The Writing Mamas Daily Blog

Each day on the Writing Mamas Daily Blog, a different member will write about mothering.

If you're a mom then you've said these words, you've made these observations and you've lived these situations - 24/7.

And for that, you are a goddess.

Saturday, June 30, 2007

 

Ambivalence

I used to think ambivalence referred to my childish, rapidly shifting positive and negative feelings toward a parent or my most recent boyfriend.

In one day, my closest and most delicate relationships could revolve in a merry-go-round of opposing moods: remorse, hurt, hope, and guilt came up and down, waving hello.

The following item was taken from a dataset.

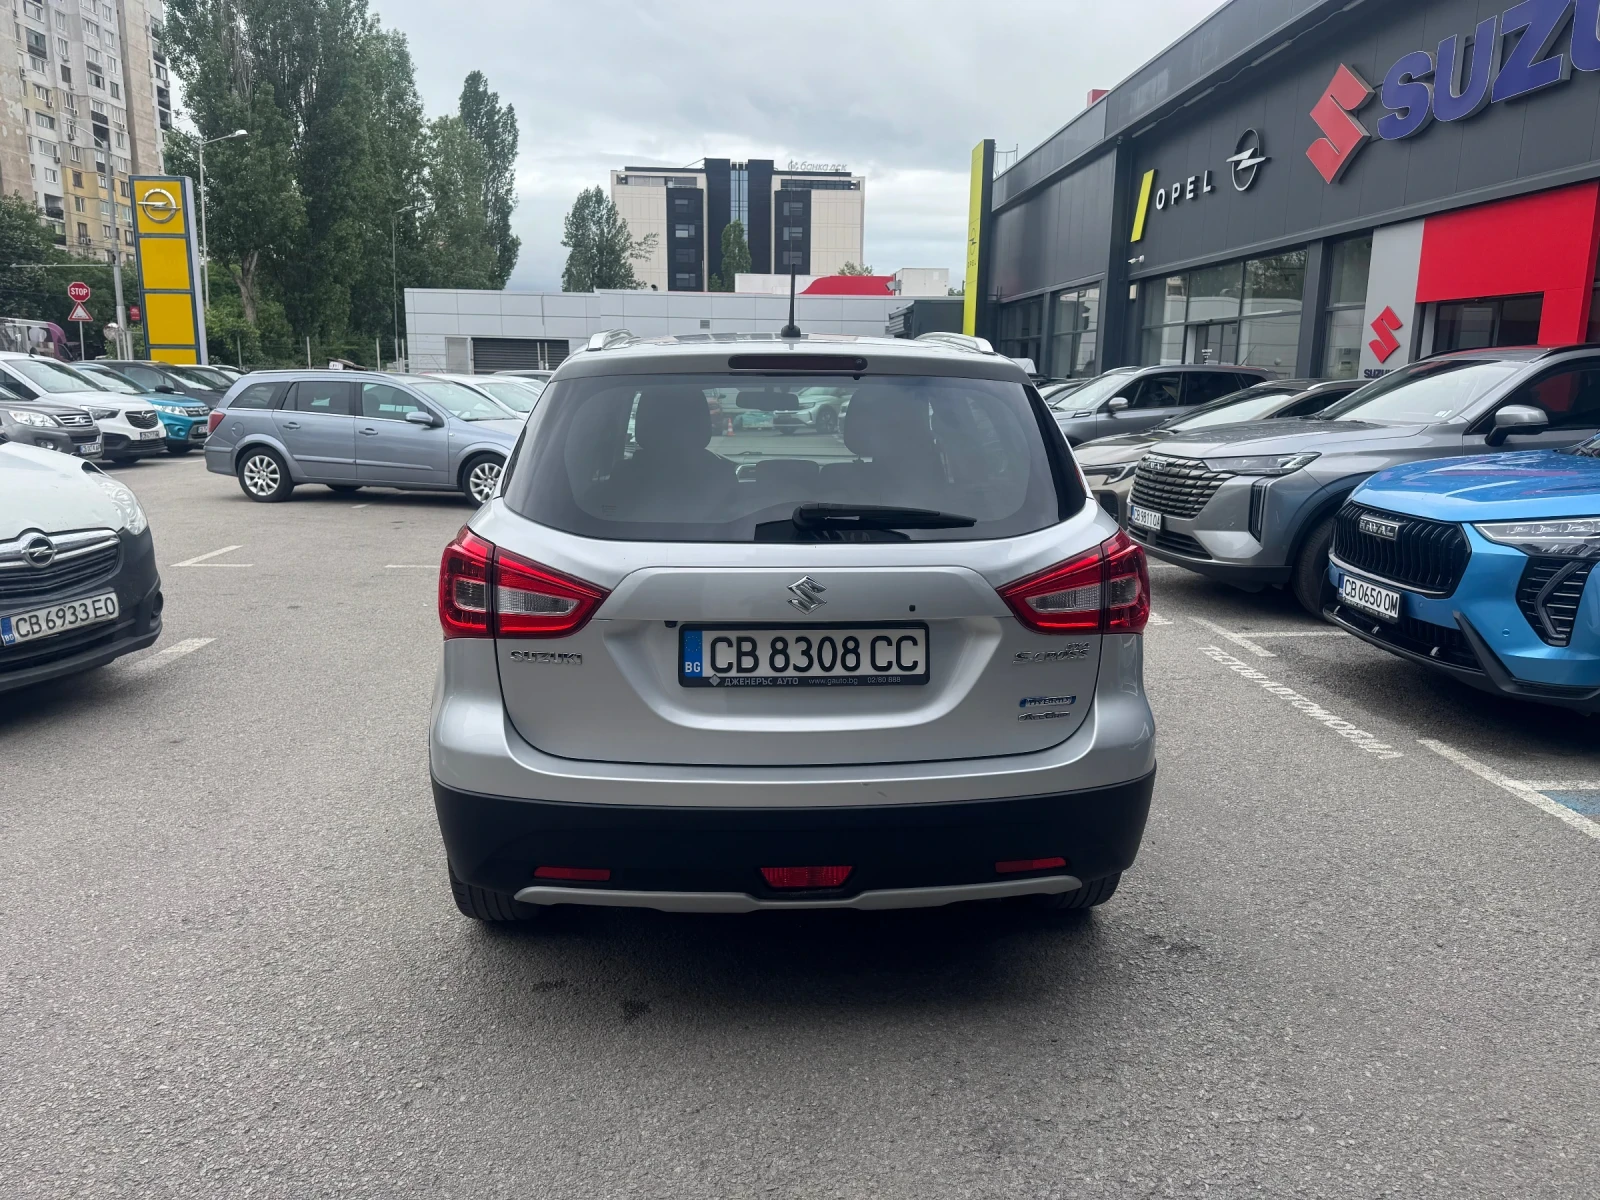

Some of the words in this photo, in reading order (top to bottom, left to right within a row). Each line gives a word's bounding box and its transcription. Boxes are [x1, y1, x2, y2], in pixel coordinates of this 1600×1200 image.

Now it's midlife as a parent and I am coming into a new understanding of ambivalence. I can adore my children and live on the joy of seeing their delight. And I can resent the crap out of them simultaneously when they will their exhausted, flailing bodies to fight off sleep and I haven't had one moment of solitary quiet all day.

I just want to run away!!!

But if I do hand them off and go out for a bit, I miss those little girls so much.

Mamas sit in a big warm tub of amusement, fierce attachment, irritation, fatigue, affection, and questioning, swirling around for us to move through. I guess the challenge is moving toward comfortable cohabitation with all the kinds of bubbles in the bath.